ICT 2026 Market Commentary \ March 21, 2026

https://youtu.be/YrBrgUON9fE

Summary:

– Opening: Live market commentary focusing on one teaching — “time distortion” — and chart-based analysis across the dollar index, FX (EUR/USD, GBP/USD), commodities (oil, gold, silver), Bitcoin, and US indices.

– Time distortion (key lesson): When price sits in a prolonged range on a low timeframe, go to higher timeframes to see the true structure and the inefficiencies (fair-value gaps/volume imbalances) price is trying to resolve. Use the behavior of candlestick bodies relative to the midpoint of those inefficiencies to infer institutional order flow (bodies staying in the lower half = bearish; in the upper half = bullish).

– Dollar index: Currently in large consolidation with structural shifts. ICT is biased to dollar staying firm or moving higher (flight-to-quality because of ongoing war), but names a clear “line in the sand” — loss of a specific suspension block/volume-bounce zone — that would flip the view bearish and favor higher EUR/GBP.

– FX (EUR/USD, GBP/USD): Mixed/50–50 setups; direction depends on what the dollar does. Seasonal tendencies could push EUR/GBP higher later, but war and broader uncertainty are overriding factors.

– Commodities & metals:
– Crude/Brent: Expect significant upside (mentions targets into $150–$180+ for Brent).
– Gold & silver: Recent sell-offs after failing key levels; watching for gaps/“consequent encroachment” and possible further downside. Silver is especially event-driven and volatile.

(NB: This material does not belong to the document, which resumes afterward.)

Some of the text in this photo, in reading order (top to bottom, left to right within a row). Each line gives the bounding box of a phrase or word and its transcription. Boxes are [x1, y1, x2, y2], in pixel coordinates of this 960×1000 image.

– Bitcoin: In protracted consolidation with a bearish lean; has specific lower targets if it breaks key lows, though a break above recent highs would turn the bias bullish.

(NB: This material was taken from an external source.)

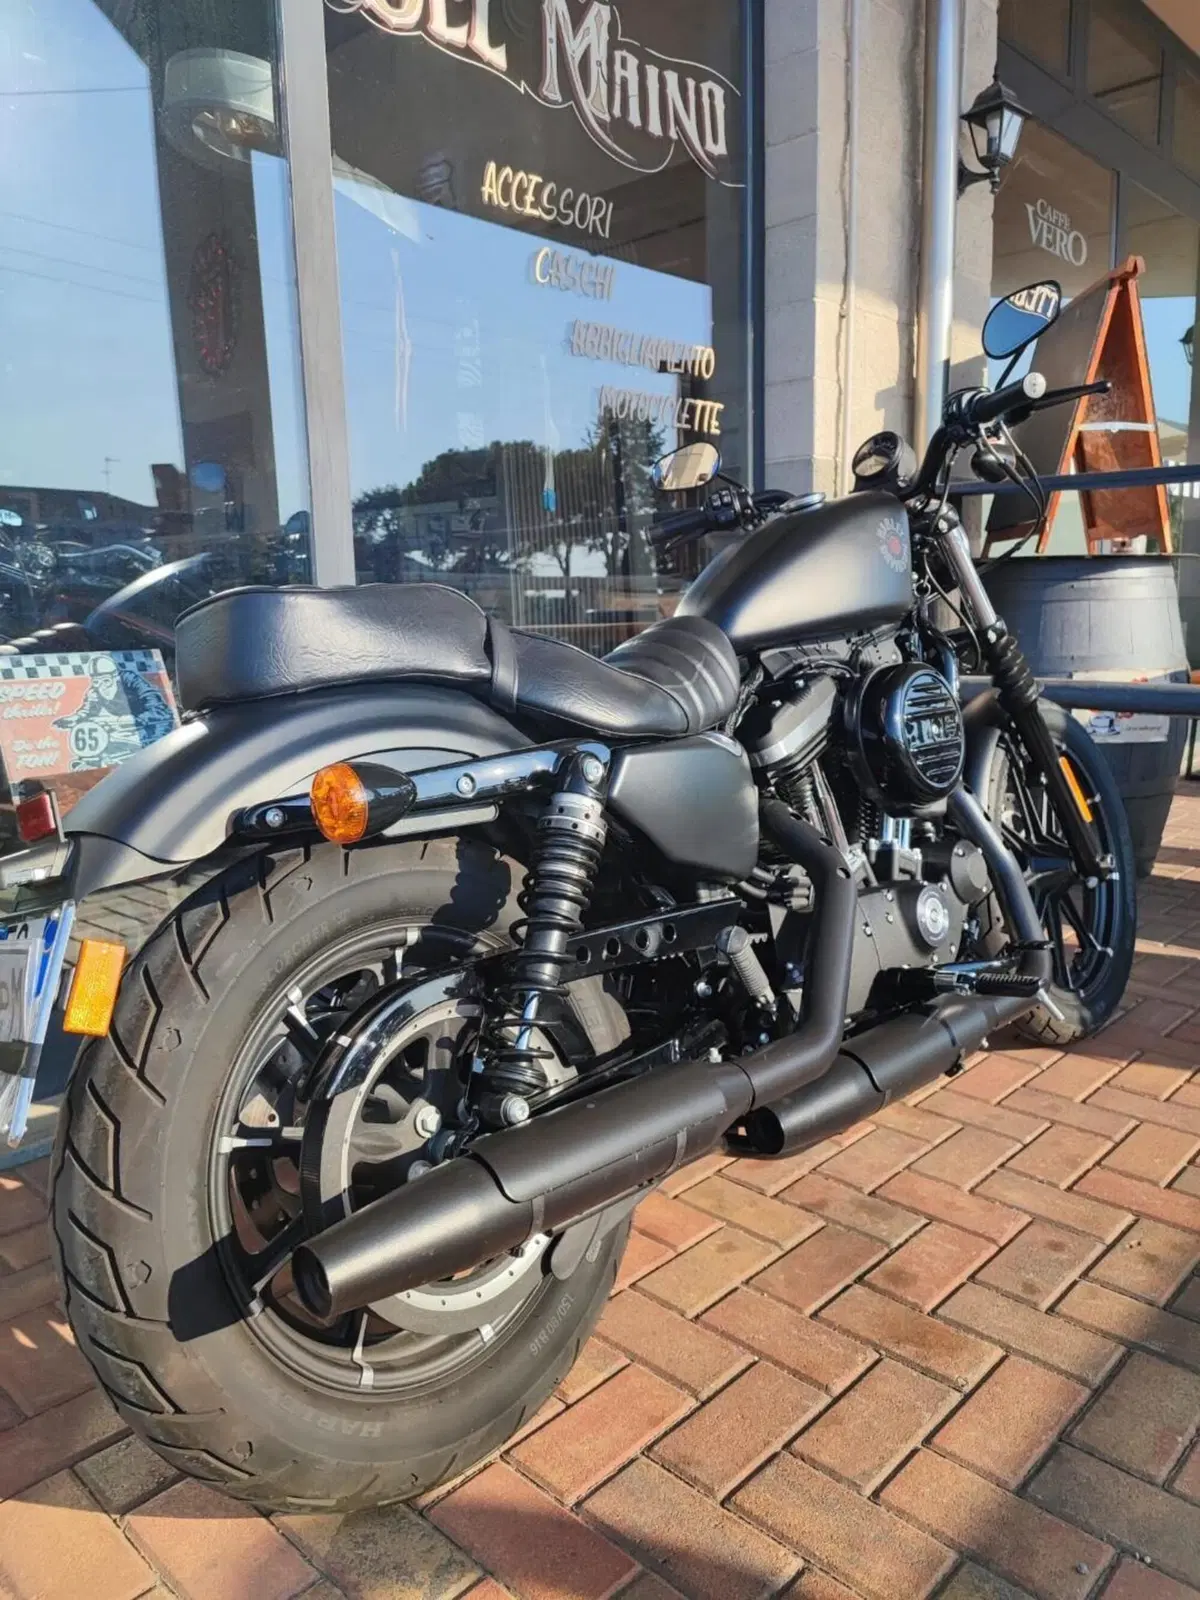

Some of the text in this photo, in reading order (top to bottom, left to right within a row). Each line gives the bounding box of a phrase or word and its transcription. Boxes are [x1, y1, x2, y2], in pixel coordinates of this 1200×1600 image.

[481, 160, 614, 239] ACCESSORI
[1023, 203, 1088, 266] VERO
[74, 727, 99, 751] 65

– US indices: Bearish bias across Dow, S&P, NASDAQ supported by intermarket divergences (SMT) and distribution signals; specific downside targets given (e.g., NASDAQ ~22,779.75 continuous-contract target). Advises focusing on continuous contracts for structural analysis rather than individual delivery months.

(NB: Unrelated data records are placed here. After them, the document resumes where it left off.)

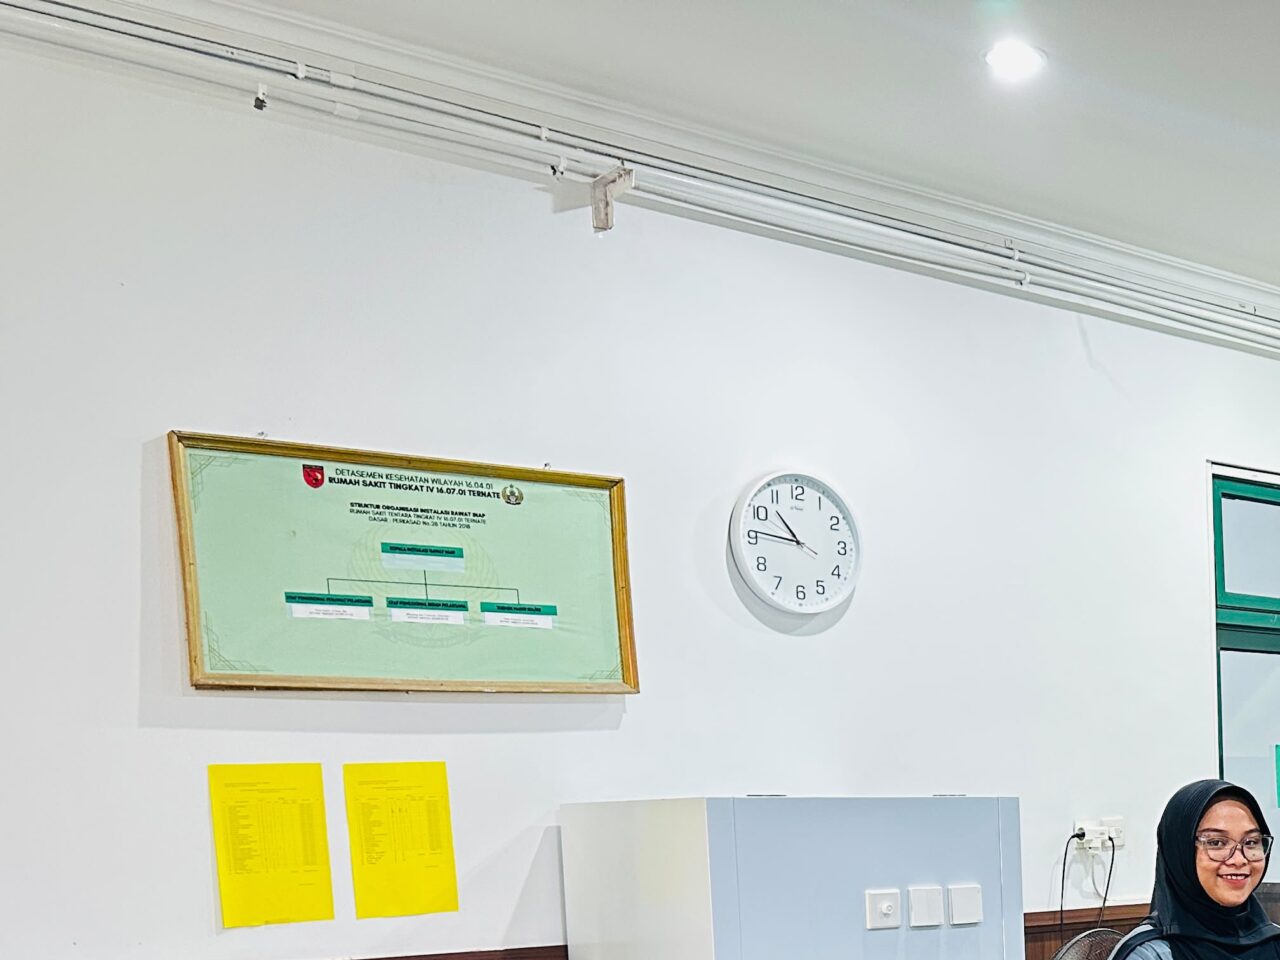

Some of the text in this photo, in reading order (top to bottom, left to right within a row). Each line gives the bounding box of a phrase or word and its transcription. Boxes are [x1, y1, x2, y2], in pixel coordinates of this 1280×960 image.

[335, 468, 493, 490] DETASEMEN KESEHATAN WILAYAH 16.04.01
[328, 476, 360, 486] RUMAH
[362, 480, 386, 489] SAKIT
[389, 482, 424, 492] TINGKAT
[436, 486, 466, 496] 16.07.01
[468, 489, 501, 499] TERNATE
[790, 485, 805, 501] 12
[771, 489, 779, 504] 11
[818, 495, 822, 511] 1
[350, 502, 380, 510] STRUKTUR
[382, 504, 419, 513] ORGANISASI
[420, 508, 449, 516] INSTALASI
[752, 505, 768, 521] 10
[830, 516, 840, 531] 2
[747, 529, 759, 545] 9
[837, 541, 847, 556] 3
[756, 556, 767, 572] 8
[831, 565, 841, 579] 4
[773, 576, 783, 591] 7
[816, 580, 825, 595] 5
[796, 585, 806, 600] 6

– Trading guidance / risk management:
– In uncertain, event-driven markets (war, gaps), reduce trade frequency and leverage; be prepared to be wrong.
– Use continuous futures contracts for top-down analysis.
– Record timestamps of calls/levels for accountability.
– If you can’t grasp these concepts within months, reassess your approach — the rules presented are simple and rule-based, not subjective.

Overall: Market environment is conflicted and risky; use higher-timeframe context, fair-value gaps/volume imbalances, continuous-contract analysis, and conservative sizing to navigate time-distorted price action.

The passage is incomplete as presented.